Packers Hosting Potential New Dime Linebacker on Predraft Visit on Monday
GREEN BAY, Wis. – Tariq Carpenter, an ultra-experienced, ultra-athletic safety from Georgia Tech, is spending his Monday having a predraft visit with the Green Bay Packers, according to a source.
Carpenter was a four-year starter for the Yellow Jackets. As a senior, he had 65 tackles in 10 games, highlighted by a season-high 13 stops at Clemson. He added three passes defensed and one forced fumble. In 52 career games, he picked off four passes, broke up 22 and forced three fumbles.
Carpenter capped his strong career with strong performances at the Hula Bowl and Senior Bowl. At the Hula Bowl, he was a team captain and intercepted a pass. At the Senior Bowl, he got some reps at linebacker.
“After a great week down there at the Hula Bowl, we got a lot of good reviews from our friends around the league,” Senior Bowl executive director Jim Nagy told The Atlanta Journal Constitution. “He was a guy they wanted to see more of, so it was really an easy decision once we had a roster spot open up.”
Carpenter capped his offseason with a tremendous pro day workout. At 6-foot-2 7/8 and 230 pounds, he ran his 40 in 4.47 seconds, according to Dane Brugler’s draft preview for The Athletic. He added a 39-inch vertical jump. With a strong postseason, Carpenter has gotten himself squarely into Day 3 of this month’s NFL Draft.

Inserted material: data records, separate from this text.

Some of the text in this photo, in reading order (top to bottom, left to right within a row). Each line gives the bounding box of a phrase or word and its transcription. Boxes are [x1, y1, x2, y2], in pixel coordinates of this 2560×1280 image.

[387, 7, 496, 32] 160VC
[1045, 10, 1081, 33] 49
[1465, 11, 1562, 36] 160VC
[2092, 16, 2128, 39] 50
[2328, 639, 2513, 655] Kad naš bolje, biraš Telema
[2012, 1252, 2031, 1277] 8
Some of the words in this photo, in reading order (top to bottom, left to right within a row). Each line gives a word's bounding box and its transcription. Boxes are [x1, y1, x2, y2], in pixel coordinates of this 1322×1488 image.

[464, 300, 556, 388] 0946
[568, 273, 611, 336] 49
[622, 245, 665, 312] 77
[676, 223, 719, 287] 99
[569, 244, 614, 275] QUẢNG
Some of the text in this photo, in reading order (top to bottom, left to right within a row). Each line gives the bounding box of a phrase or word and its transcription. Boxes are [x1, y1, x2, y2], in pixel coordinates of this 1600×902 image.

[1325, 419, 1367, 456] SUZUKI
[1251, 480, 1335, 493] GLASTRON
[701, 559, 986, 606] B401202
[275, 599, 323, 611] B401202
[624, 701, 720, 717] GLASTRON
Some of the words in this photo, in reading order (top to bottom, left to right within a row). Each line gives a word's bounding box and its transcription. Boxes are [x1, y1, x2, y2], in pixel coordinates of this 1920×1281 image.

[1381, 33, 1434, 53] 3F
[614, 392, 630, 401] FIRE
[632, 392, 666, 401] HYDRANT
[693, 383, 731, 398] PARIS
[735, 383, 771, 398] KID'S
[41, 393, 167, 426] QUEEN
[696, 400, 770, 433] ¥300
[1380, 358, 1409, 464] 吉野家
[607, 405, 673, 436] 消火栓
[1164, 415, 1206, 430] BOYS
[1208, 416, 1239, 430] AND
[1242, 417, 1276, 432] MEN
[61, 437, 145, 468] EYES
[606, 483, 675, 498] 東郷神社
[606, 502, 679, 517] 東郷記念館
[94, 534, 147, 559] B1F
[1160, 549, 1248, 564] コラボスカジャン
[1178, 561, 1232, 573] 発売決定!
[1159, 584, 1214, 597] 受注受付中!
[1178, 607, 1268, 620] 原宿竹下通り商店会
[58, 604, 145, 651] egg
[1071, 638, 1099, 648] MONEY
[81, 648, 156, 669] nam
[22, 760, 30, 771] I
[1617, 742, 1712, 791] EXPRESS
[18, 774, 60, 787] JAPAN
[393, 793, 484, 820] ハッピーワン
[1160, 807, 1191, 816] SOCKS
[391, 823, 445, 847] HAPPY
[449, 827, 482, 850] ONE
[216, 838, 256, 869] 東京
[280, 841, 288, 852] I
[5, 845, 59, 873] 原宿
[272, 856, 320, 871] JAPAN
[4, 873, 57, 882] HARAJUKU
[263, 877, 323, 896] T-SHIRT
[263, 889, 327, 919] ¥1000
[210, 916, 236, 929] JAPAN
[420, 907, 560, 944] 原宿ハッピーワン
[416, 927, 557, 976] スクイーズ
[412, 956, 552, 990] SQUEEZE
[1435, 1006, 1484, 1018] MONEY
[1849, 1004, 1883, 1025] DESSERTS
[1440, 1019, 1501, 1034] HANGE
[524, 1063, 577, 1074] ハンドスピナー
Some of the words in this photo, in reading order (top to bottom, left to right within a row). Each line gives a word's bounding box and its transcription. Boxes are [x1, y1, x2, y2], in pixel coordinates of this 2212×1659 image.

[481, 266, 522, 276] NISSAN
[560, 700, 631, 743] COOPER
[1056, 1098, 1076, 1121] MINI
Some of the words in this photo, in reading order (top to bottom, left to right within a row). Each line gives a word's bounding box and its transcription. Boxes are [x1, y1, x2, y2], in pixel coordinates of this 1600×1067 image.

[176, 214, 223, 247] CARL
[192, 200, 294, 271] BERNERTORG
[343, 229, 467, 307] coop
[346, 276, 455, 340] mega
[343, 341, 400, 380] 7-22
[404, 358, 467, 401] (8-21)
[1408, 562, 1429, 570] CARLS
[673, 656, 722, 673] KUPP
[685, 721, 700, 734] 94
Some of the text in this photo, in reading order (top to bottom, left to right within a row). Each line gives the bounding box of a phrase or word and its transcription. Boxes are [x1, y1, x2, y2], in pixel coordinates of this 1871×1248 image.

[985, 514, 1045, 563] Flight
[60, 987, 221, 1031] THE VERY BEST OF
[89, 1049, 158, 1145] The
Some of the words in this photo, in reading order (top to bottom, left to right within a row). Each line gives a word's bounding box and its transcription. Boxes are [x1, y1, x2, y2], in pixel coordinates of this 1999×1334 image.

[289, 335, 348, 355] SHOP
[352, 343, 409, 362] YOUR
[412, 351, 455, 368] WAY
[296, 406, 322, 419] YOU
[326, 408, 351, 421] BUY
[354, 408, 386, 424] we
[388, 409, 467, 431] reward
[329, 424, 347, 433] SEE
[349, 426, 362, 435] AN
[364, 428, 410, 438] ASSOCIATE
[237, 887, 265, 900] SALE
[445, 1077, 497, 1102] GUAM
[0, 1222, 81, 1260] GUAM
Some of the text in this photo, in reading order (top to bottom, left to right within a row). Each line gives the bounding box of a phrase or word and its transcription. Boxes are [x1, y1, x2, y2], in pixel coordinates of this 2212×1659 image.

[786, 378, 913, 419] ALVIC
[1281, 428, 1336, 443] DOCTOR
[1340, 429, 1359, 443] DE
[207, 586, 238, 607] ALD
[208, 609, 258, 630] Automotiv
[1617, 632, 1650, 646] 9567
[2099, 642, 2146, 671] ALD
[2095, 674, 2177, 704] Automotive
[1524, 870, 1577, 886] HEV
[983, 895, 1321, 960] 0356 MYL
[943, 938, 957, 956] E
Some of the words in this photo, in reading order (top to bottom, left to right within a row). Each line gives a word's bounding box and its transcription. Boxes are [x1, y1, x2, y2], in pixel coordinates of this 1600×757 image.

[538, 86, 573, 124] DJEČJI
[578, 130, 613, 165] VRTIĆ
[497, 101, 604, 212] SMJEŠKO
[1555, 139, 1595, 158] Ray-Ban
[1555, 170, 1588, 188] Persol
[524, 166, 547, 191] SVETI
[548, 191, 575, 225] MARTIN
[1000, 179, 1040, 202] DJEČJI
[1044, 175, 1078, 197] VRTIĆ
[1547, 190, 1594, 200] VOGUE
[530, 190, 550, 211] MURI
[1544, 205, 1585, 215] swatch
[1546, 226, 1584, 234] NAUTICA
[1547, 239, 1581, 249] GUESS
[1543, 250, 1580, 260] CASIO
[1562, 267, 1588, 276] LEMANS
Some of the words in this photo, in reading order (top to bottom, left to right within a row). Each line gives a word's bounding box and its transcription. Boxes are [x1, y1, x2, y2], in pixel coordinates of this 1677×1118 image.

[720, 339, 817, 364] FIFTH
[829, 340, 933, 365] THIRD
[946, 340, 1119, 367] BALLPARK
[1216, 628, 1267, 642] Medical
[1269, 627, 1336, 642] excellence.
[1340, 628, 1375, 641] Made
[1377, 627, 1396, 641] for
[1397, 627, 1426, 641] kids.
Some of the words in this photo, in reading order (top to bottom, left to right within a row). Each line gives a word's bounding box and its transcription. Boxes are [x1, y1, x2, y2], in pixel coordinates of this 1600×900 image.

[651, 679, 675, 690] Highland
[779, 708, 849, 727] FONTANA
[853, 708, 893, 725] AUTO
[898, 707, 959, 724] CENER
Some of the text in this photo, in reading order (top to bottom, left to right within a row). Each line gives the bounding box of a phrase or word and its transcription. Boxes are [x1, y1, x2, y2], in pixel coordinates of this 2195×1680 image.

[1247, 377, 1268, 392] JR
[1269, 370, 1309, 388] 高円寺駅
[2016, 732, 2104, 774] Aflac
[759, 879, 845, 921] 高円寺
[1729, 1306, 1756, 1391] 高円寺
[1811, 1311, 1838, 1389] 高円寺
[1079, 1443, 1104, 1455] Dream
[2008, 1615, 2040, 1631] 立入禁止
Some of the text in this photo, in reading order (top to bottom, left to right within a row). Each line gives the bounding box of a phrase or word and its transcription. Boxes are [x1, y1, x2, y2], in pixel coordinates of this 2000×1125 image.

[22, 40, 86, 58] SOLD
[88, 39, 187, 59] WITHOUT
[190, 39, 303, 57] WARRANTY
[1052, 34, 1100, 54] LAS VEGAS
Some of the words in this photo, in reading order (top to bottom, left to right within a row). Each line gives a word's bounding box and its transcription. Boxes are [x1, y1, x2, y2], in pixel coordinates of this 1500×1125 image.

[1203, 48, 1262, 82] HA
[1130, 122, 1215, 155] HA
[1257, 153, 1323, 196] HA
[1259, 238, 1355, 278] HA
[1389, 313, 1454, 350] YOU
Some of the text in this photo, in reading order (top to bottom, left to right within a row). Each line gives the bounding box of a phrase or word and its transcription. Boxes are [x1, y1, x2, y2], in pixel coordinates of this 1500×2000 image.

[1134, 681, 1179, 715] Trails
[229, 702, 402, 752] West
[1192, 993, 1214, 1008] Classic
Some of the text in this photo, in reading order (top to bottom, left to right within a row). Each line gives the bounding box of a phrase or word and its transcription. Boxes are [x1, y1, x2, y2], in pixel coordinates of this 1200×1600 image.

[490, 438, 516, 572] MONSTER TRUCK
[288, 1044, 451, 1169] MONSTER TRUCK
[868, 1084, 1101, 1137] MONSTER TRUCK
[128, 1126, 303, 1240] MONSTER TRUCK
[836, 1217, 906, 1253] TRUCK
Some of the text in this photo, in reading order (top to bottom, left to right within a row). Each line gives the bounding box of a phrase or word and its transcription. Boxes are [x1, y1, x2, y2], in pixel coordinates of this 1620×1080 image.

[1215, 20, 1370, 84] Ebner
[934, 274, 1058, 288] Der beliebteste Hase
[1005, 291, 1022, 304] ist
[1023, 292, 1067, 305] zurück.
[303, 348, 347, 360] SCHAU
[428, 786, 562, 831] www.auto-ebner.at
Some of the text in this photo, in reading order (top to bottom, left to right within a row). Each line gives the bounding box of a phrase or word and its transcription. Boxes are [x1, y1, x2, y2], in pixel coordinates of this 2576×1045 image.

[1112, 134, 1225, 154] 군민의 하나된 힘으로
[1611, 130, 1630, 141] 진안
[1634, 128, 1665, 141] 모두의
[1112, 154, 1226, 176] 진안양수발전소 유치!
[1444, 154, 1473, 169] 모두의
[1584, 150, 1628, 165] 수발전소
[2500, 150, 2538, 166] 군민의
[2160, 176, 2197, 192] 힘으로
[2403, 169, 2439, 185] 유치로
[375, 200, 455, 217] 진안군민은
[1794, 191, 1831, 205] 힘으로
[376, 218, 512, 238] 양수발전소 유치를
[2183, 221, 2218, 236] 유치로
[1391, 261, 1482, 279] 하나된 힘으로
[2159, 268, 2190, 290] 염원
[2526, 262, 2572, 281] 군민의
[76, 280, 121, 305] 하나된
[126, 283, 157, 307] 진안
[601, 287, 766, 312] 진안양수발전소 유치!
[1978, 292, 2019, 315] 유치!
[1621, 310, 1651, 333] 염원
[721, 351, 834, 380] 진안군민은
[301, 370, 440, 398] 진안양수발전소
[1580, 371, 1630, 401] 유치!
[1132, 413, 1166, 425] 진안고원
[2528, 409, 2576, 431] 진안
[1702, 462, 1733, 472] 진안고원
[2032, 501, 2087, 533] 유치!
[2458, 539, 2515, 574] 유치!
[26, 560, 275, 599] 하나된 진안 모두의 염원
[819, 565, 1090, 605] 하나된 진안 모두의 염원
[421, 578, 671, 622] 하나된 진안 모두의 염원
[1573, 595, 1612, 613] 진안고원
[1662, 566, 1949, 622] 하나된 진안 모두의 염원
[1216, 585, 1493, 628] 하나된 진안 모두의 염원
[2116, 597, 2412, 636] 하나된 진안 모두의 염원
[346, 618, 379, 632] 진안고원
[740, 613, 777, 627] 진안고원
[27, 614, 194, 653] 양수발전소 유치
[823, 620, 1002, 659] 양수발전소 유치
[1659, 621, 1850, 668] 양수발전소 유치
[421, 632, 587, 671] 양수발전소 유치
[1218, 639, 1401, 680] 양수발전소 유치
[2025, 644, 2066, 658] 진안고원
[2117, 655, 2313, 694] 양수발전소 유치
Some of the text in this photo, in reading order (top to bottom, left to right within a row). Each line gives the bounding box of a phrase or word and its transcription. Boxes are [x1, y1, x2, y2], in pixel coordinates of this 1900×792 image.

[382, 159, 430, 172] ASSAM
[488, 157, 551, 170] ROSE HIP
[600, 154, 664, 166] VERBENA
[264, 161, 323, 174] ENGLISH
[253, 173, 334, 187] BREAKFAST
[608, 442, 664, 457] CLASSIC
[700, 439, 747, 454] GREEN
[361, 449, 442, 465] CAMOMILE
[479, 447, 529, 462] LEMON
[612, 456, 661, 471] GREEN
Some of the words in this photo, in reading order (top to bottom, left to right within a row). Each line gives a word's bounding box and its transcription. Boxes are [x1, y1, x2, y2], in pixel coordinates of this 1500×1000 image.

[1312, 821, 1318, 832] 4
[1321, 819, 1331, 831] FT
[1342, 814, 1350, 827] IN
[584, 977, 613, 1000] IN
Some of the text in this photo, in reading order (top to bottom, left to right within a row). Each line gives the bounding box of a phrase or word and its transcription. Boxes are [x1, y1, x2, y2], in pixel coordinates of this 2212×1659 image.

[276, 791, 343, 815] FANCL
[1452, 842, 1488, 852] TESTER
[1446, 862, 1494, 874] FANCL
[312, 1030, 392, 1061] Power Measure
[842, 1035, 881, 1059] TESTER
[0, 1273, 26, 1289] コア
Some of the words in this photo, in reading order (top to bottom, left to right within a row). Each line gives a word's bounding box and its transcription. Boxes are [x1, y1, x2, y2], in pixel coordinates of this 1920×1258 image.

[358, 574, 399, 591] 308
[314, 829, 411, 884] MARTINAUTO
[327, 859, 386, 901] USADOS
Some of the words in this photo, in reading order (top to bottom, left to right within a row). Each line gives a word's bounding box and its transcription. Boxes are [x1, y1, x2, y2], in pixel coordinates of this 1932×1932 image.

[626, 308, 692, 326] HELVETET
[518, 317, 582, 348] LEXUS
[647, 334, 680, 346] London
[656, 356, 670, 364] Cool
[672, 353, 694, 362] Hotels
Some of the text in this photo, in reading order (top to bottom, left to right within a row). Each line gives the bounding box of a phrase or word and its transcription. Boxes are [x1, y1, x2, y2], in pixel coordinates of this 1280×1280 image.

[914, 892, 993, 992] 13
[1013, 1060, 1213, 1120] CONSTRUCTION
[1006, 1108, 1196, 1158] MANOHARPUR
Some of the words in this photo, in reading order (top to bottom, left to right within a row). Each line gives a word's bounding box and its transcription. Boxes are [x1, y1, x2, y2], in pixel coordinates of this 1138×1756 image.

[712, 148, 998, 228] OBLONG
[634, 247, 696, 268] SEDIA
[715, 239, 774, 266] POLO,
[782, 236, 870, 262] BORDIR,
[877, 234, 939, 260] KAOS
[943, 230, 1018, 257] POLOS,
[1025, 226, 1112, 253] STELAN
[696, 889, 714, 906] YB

“I really wasn’t nervous, honestly,” Carpenter said afterward. “These drills, that’s kind of what I do. God blessed me with explosiveness.”
After going through testing, he did drills at safety and linebacker.
“Teams see me like a big ball of Play-Doh,” he said. “I’m so flexible as far as my position.”
Initially, along with special teams, the dime linebacker role – a combo linebacker and safety – might be his NFL calling card. Henry Black struggled in that role last season.
“100 percent I will get drafted higher as a linebacker than as a safety,” he told the Coastal Courier. “I am built more playing linebacker than safety and the NFL is a passing league. I think I provide the tools to help any team in the pass game immediately.”
Carpenter comes from an athletic family. His mom played college basketball at Central Methodist before becoming an Army staff sergeant. She served five international tours of duty, including three deployments to Iraq and one in Afghanistan. An uncle, Thurlos Pearson, played football at Missouri.
“My mom is definitely my ‘why,’” Carpenter told The Atlanta Journal Constitution. “She’s also my purpose. She’s my role model. She’s a person that I look up to because of those reasons because of the sacrifices that she made for me and Alexis to live a good life. I just do everything I can to make sure that she gets everything that she wants because she did the same thing for us.”
Scarred by what she saw in war, she tried to commit suicide. Her children, including Carpenter, helped get her through those rough times.
“He was right there,” Fiffie said of her son. “Everything I needed. He would talk to me, try to console me. If I needed to talk about anything, he’d be there.”